The inspection server extracts a malicious-suspected URL by excluding URLs confirmed to be identical in the full-patch environment from the URLs extracted in the un-patch environment S153. That is, sessions unconfirmed in the full-patch environment among the sessions generated in the un-patch environment are selected as malicious-suspected URLs.

The inspection server traces the malicious URL by blocking the URLs extracted as malicious-suspected URLs one by one, reconnecting to the malicious websites and confirming whether or not the malicious code infection phenomenon is generated S154. In other words, while the extracted malicious-suspected URLs are blocked one by one, the inspection server revisits the malicious websites and confirms whether or not a malicious code infection attack is generated. Then, if the malicious code infection attack is not generated, the inspection server determines a corresponding URL as a malicious code distribution website related to the attack.

Since the present invention performs visit inspection using multiple browsers and multiple frames, mass websites can be visited and inspected at a high speed.
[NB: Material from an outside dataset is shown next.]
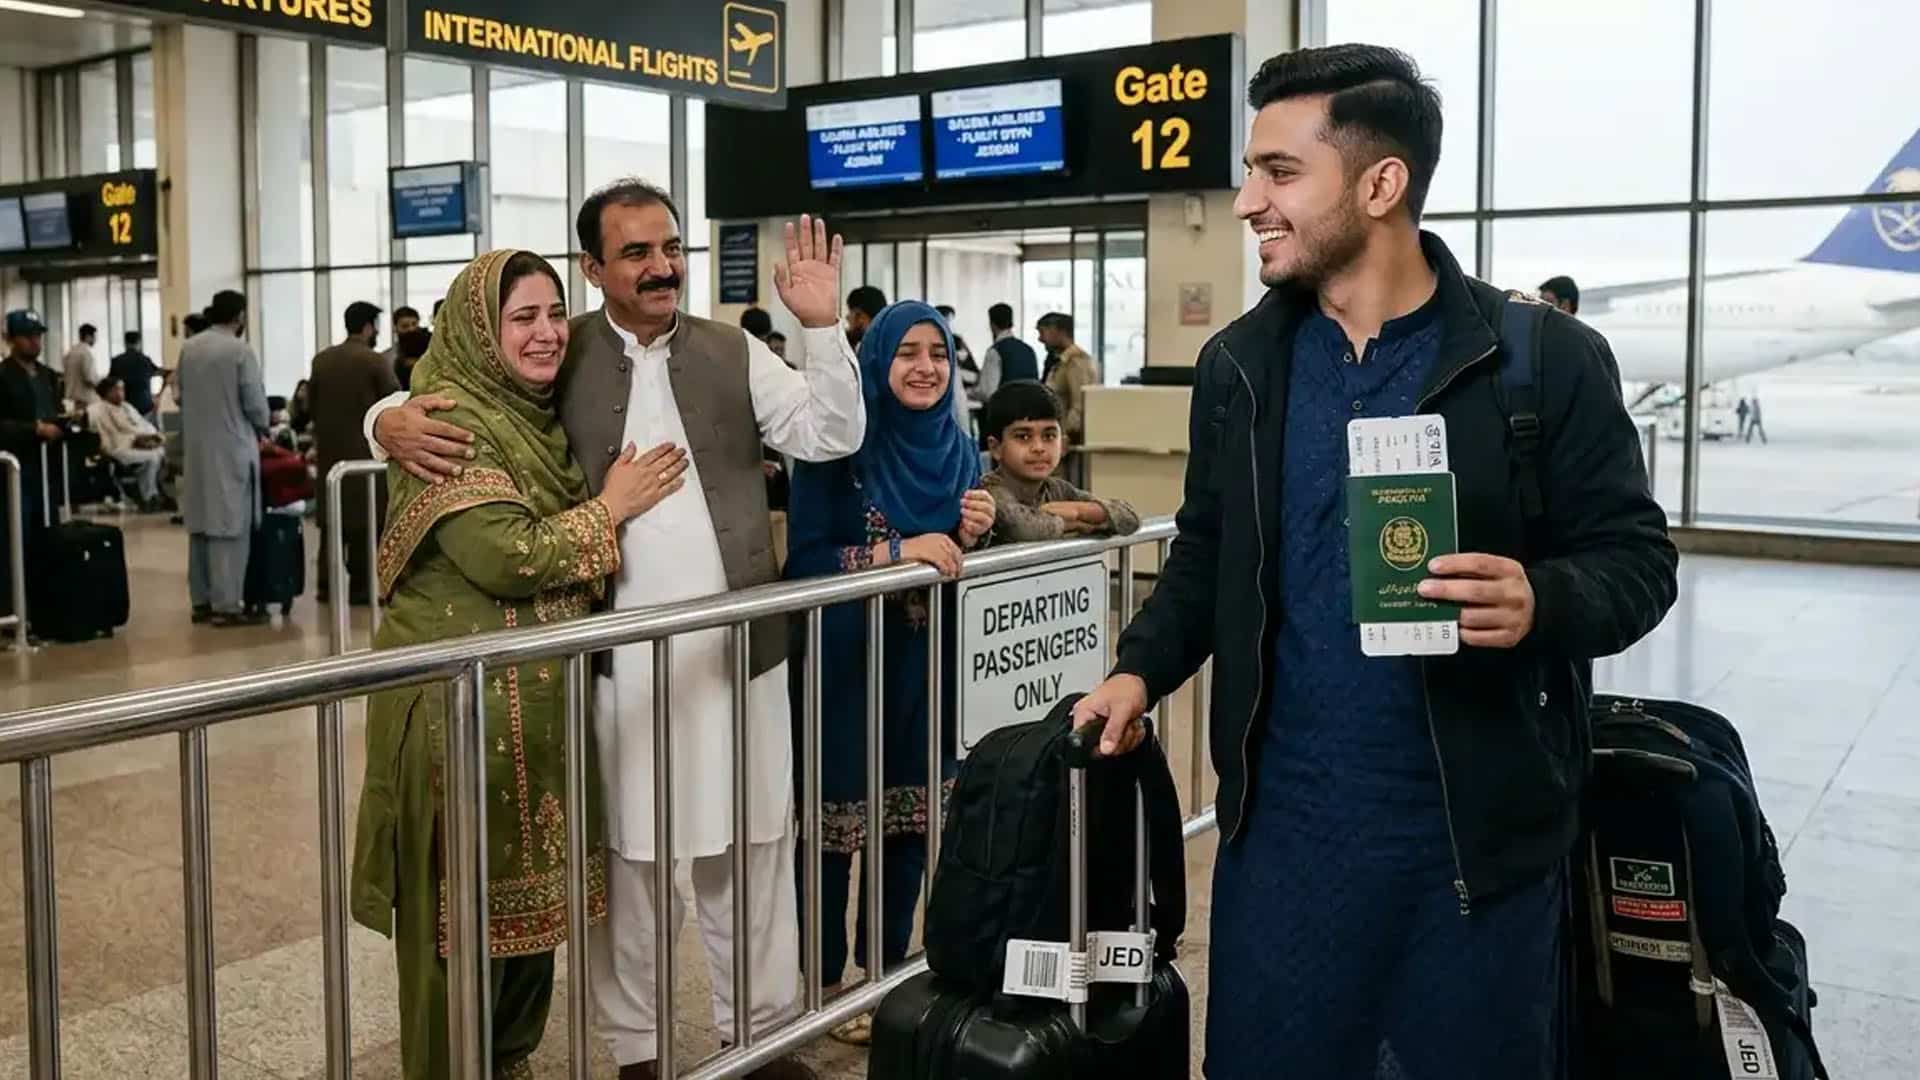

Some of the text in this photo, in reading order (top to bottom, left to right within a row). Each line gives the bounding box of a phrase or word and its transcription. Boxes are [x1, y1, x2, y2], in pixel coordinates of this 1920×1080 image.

Further, the present invention may promptly determine whether a vulnerability attack is generated or malicious code infection is attempted at a visiting target site.
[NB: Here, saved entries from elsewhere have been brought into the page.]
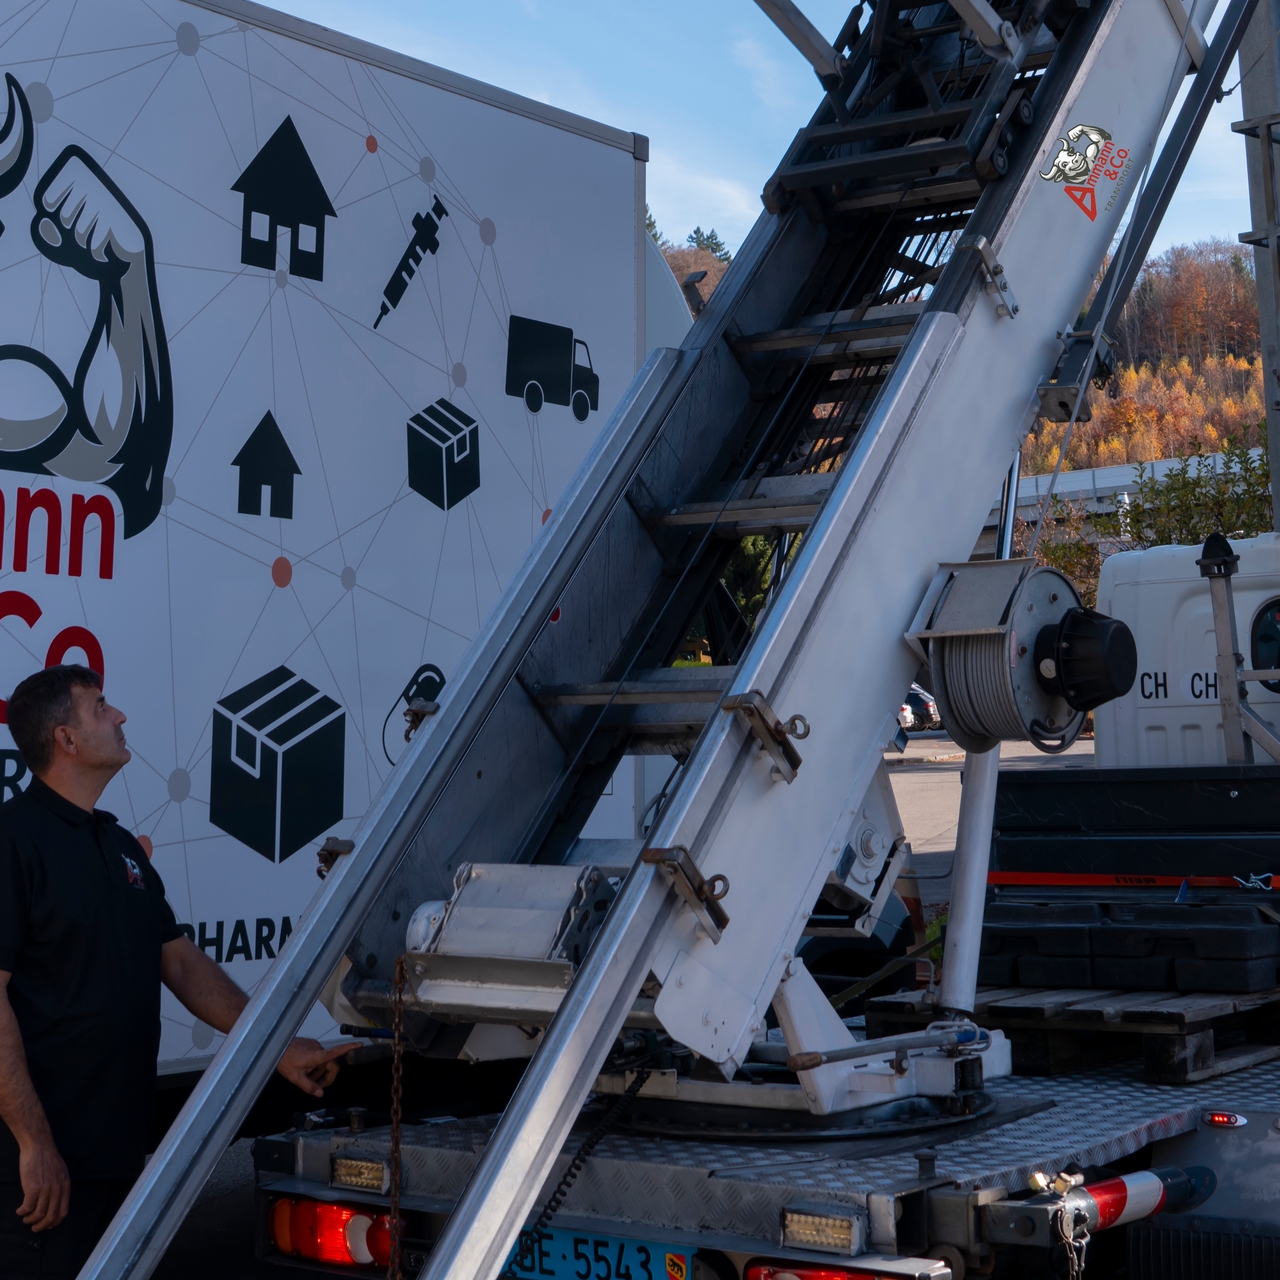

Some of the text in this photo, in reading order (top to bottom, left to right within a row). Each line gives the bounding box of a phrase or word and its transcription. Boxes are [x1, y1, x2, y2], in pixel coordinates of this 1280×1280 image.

[1064, 140, 1115, 222] Ammann
[1104, 158, 1134, 213] TRANSPORT
[1140, 671, 1168, 699] CH
[1190, 671, 1218, 699] CH
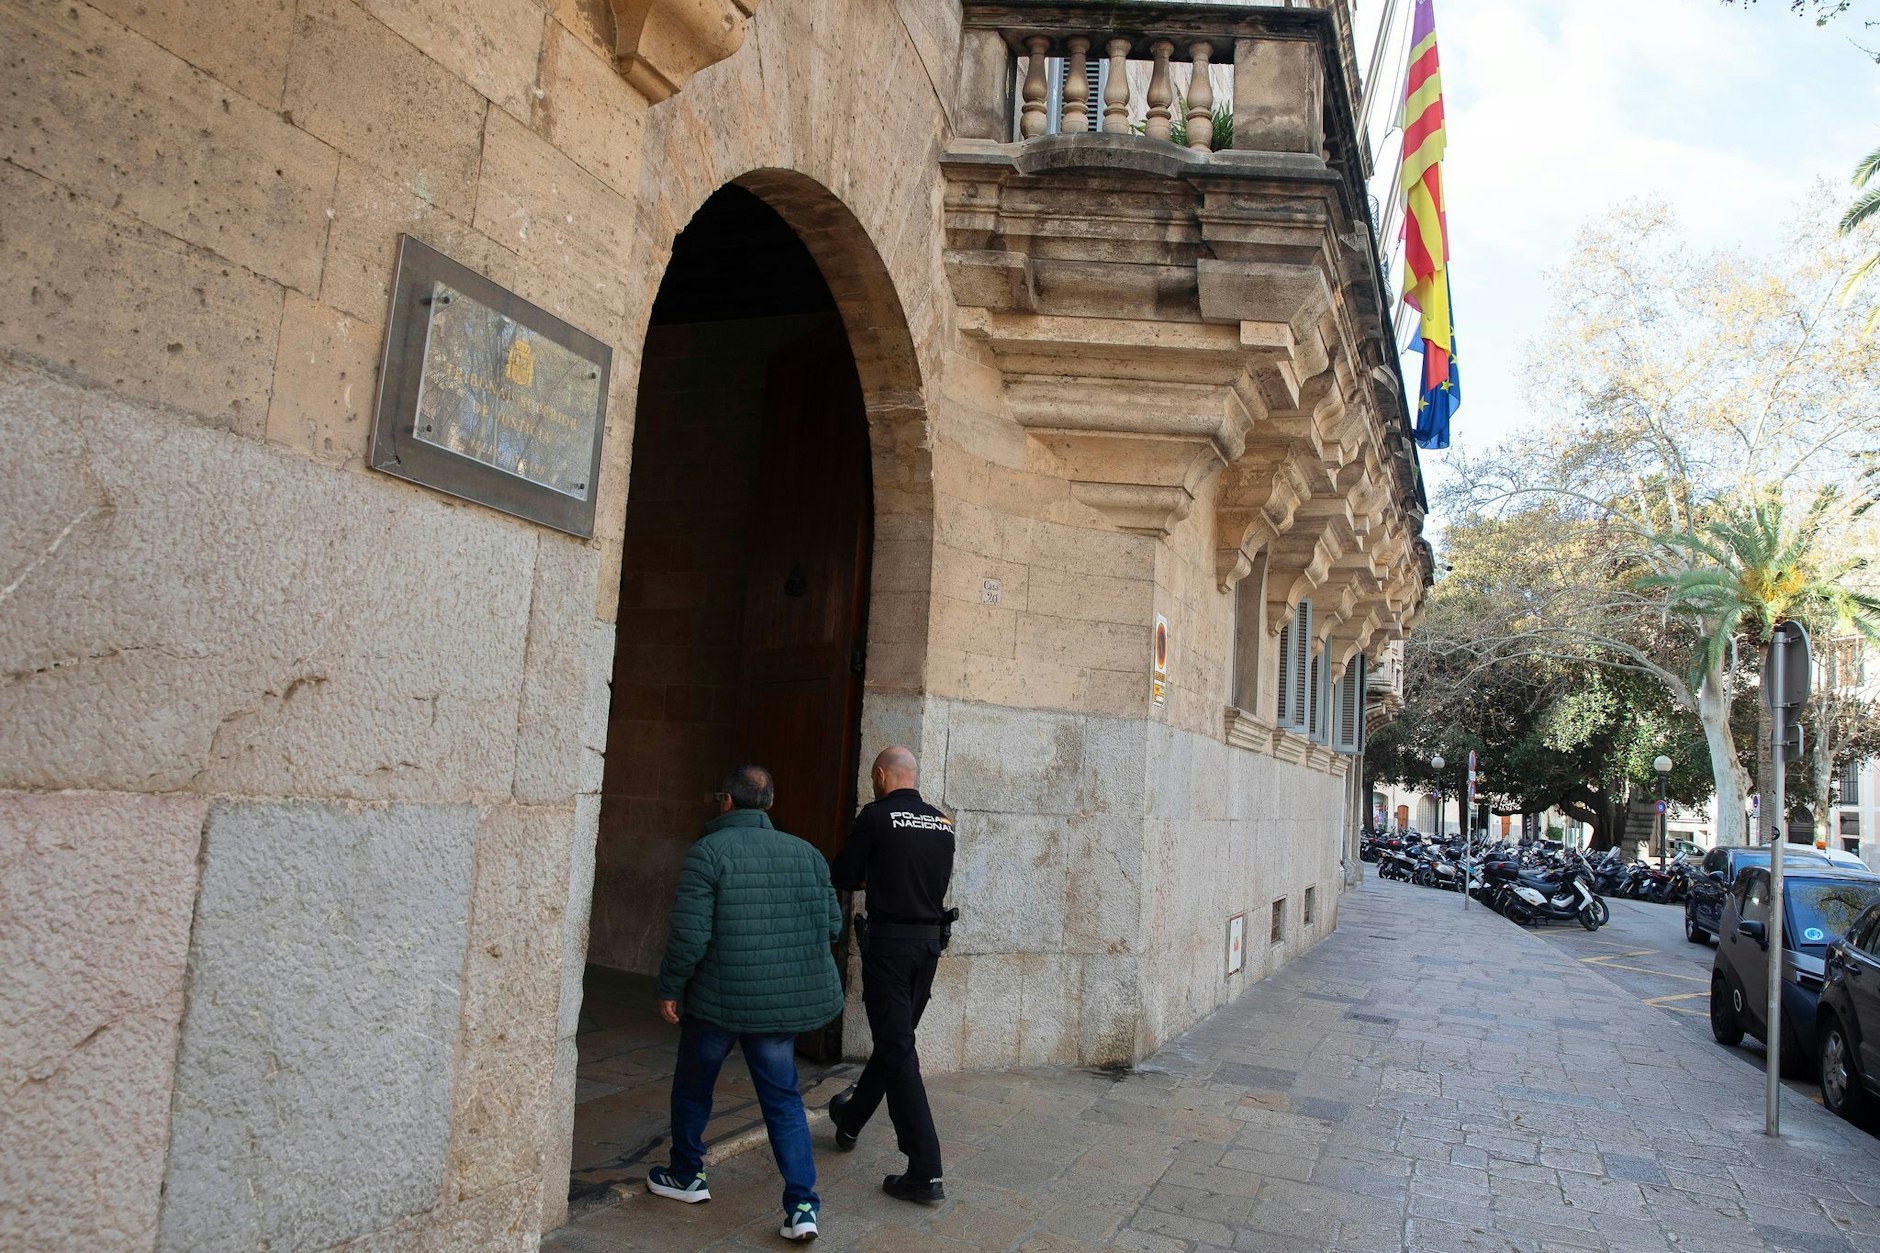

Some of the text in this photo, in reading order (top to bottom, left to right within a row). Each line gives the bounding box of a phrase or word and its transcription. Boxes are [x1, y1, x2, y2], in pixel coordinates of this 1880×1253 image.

[446, 361, 514, 403] TRIBUNAL
[472, 400, 489, 418] DE
[890, 812, 942, 823] POLICIA
[893, 820, 955, 834] NACIONAL
Furthermore, the present invention may extract a malicious URL in a malicious website confirmed to be malicious through visit inspection on the website and determination of maliciousness.

While the present invention has been described with reference to the particular illustrative embodiments, it is not to be restricted by the embodiments but only by the appended claims. It is to be appreciated that those skilled in the art can change or modify the embodiments without departing from the scope and spirit of the present invention.

Claims

1. A method of inspecting mass websites at a high speed, the method comprising the steps of:

simultaneously visiting, if a list of inspection target websites is received, a plurality of inspection target websites using multiple browsers;

inspecting whether or not malicious code infection is attempted at the plurality of inspection target websites visited through the multiple browsers;

extracting a malicious website where the attempt of malicious code infection is generated among the plurality of inspection target websites; and

visiting the malicious website and tracing a malicious URL distributing a malicious code.

2. The method according to claim 1, wherein at the step of visiting a plurality of inspection target websites, only connectible inspection target websites are visited through a preliminary inspection of whether or not inspection target websites included in the list of mass inspection target websites are connectible.

3. The method according to claim 2, wherein the preliminary inspection is simultaneously inspecting whether or not a plurality of corresponding inspection target websites is connectible using a plurality of threads.

4. The method according to claim 1, wherein at the step of visiting a plurality of inspection target websites, the visit inspection is performed again using a tree search if the attempt of malicious code infection is confirmed among the plurality of inspection target websites.

5. The method according to claim 1, wherein at the step of inspecting whether or not malicious code infection is attempted, whether or not the malicious code infection is attempted is determined using behavior information generated at a time of visit inspection.

6. The method according to claim 5, wherein at the step of inspecting whether or not malicious code infection is attempted, whether or not the malicious code infection is attempted is correctly grasped through a correlation analysis among a file, a process and a registry phenomenon created when the plurality of inspection target websites is visited.

7. The method according to claim 1, wherein at the step of tracing a malicious URL, the malicious URL distributing the malicious code is confirmed through a query session differentiation analysis of a full-patch environment and a un-patch environment.